Since then he has gone onto headline in Las Vegas, make numerous television appearance, and has become a sought-after corporate performer. Having entertained audiences around the world, Charach plays to a hometown crowd later this month.
“The last time I did a public show in Vancouver was five years ago when I did four weeks of sold out shows at Yuk Yuk’s,” he says. “They were so much fun and I’m looking forward to being back.”
Starting his professional career as a comedy magician, after twenty years Charach eventually evolved into performing as a mentalist, and more recently, as a hypnotist.

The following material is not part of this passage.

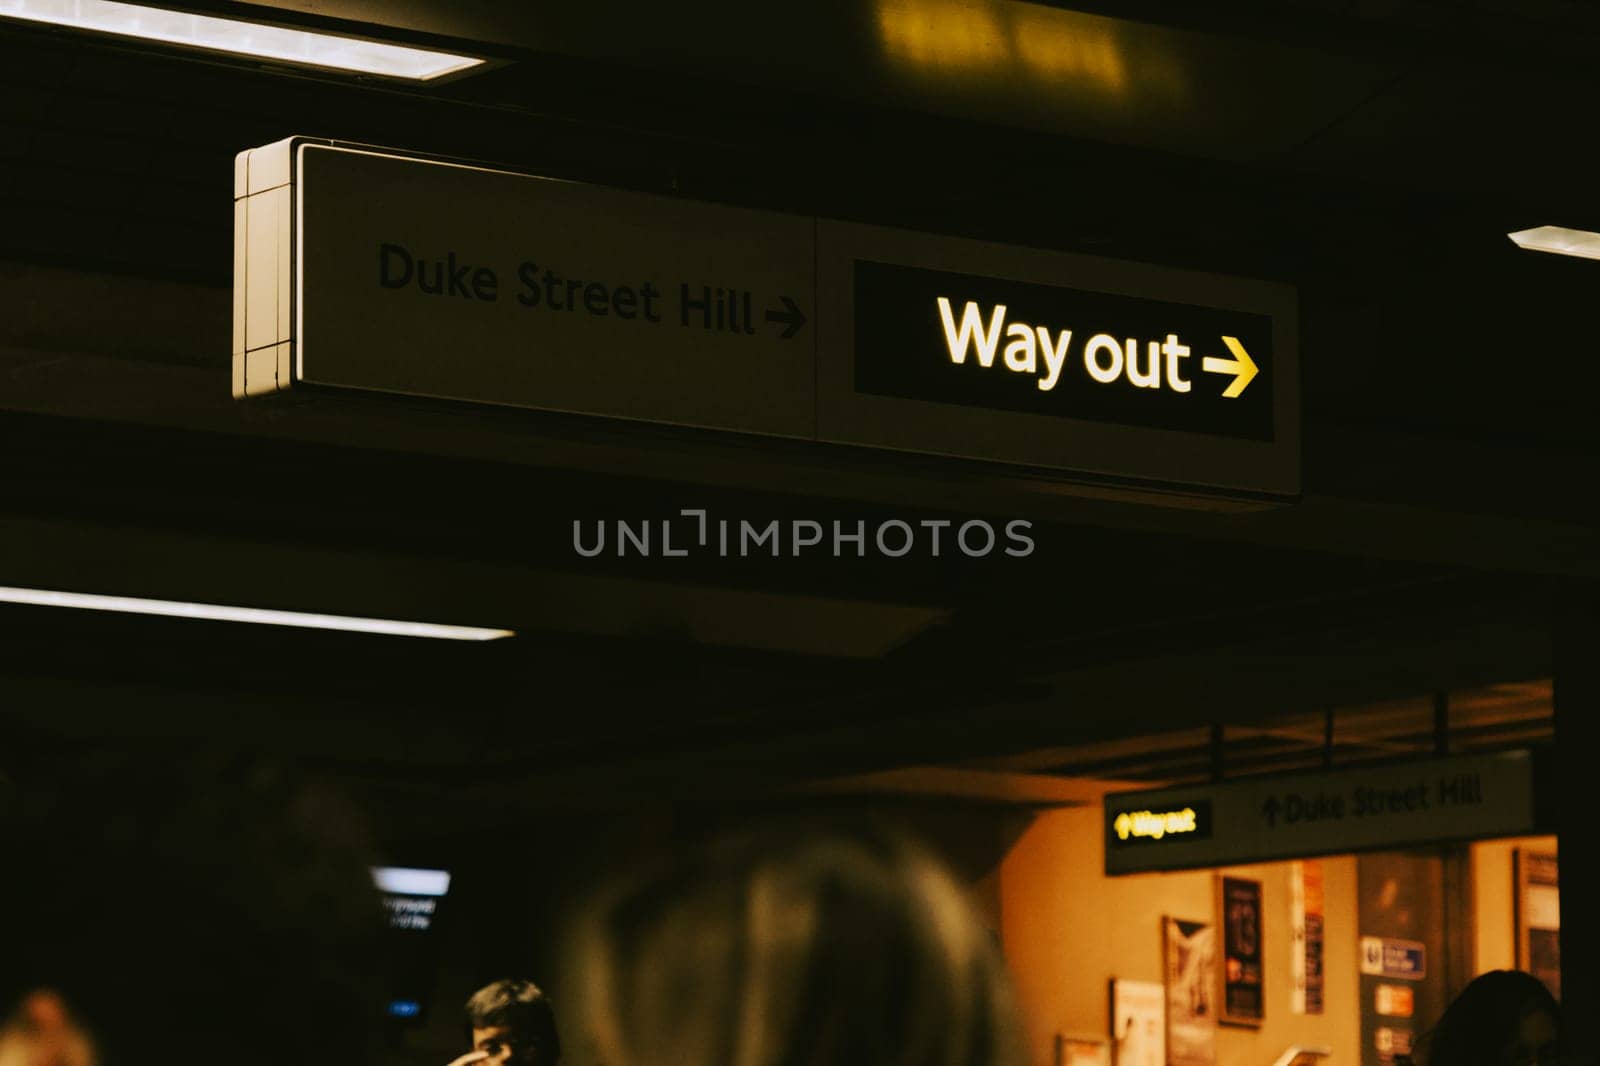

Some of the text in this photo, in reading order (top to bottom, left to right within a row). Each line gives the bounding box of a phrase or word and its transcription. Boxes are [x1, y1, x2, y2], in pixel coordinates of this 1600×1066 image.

[379, 242, 756, 335] Duke Street Hill
[937, 296, 1193, 393] Way out
[1285, 773, 1483, 823] Duke Street Hill
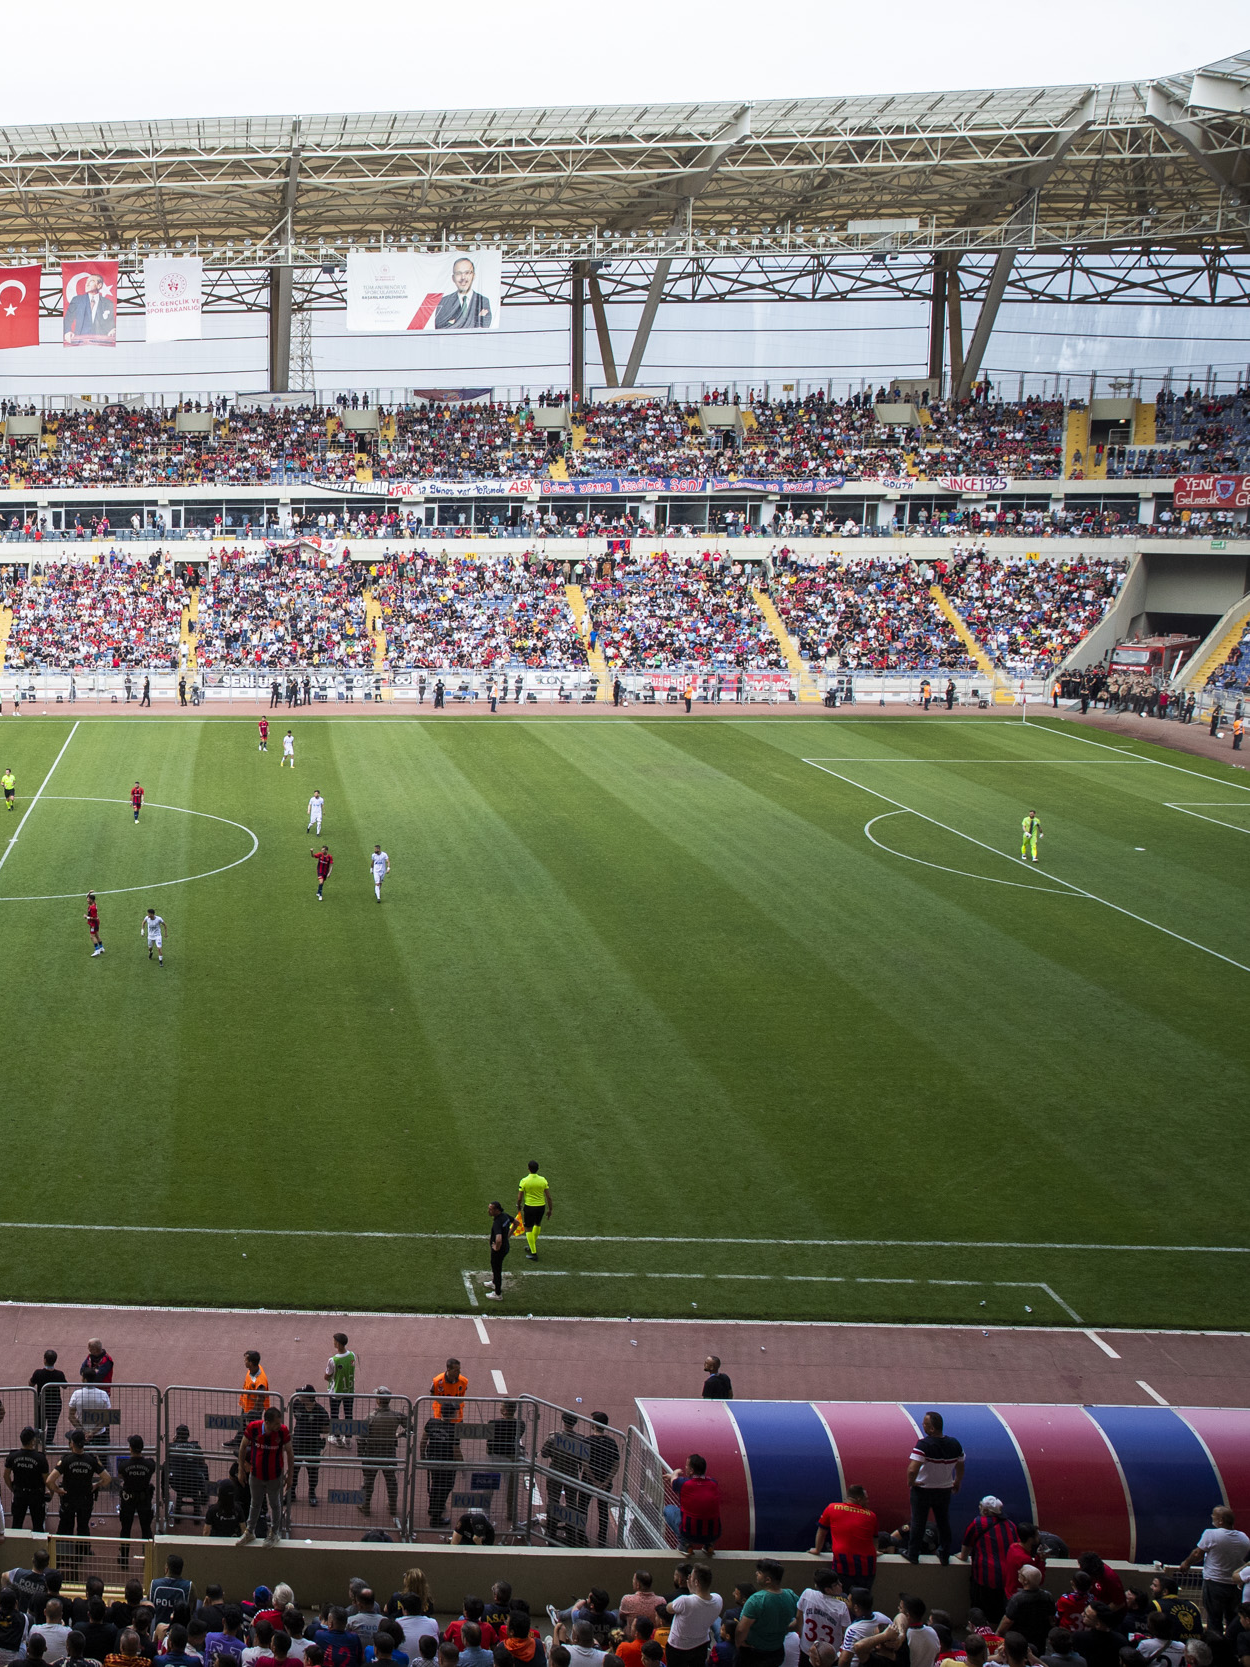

“In the last two years, I started performing hypnosis on stage, although I have been hypnotizing people also since a young boy,” he says. “This show is a combination of comedy, mentalism, and hypnosis.”
Beyond his work on stage, Charach is also a certified practitioner of neurolinguistics programming (NLP), which he uses to connect with the volunteers who join him on stage during his performance.
“NLP is non-verbal and verbal communication, how to pick up on essentially what people are thinking through their actions and body language, and their linguistics as well,” he explains. “It allows me and other practitioners of NLP to mirror other people and create rapport and synergy and bonding without words.”
Creating a connection within a show requiring audience participation may be essential, but Charach also likes to demystify the art of hypnosis.
“Everyone’s hypnotized every day,” he says. “Hypnosis is really a focused state of mind, which occurs in the subconscious.”
Charach uses an everyday task as an example.
“When you’re driving to work, you’re not consciously thinking in your mind of every move that you’re making to drive,” he explains. “That’s happening in your subconscious. In your conscious mind, you’re thinking about all sorts of unrelated stuff. That’s a form of hypnosis, in that your subconscious mind is doing the driving for you.”
In his show, Charach taps into those self-hypnotic states to create his show. Guiding his subjects, he creates an environment allowing them to get into a state of mind where they are comfortable and aware, but can let go of their inhibitions.
“They’re so relaxed and the words and the messages that I give them are to simply allow their conscious mind to step aside for a bit, and allow the subconscious to take over,” he explains. “It’s kind of like a ‘roofie’ without the drugs or horrible things happening.”
For the skeptic, Charach says it is all in how he approaches his audience.
“The induction of hypnosis begins the second I walk on stage,” he says. “For someone to trust me enough to allow me to basically take over of their mental faculties, they have to know and trust me, which is the same in life, in sales, and in business.”
Taking time to educate his audiences, Charach also ensures any subjects who join him on stage know they cannot be forced to do anything on stage they would not otherwise do.
“I explain that I’m not going to have them do anything that they would regret or feel embarrassed about, that they can’t possibly say or do anything that they wouldn’t want to because their conscious mind is still watching over,” he says.
While it all may sound a little dry on paper, Charach’s stage show is anything but. A mix of comedy, mentalism, and hypnosis, the stars of the show may be Charach’s volunteers, but audiences will no doubt enjoy watching the antics of those who join him on stage.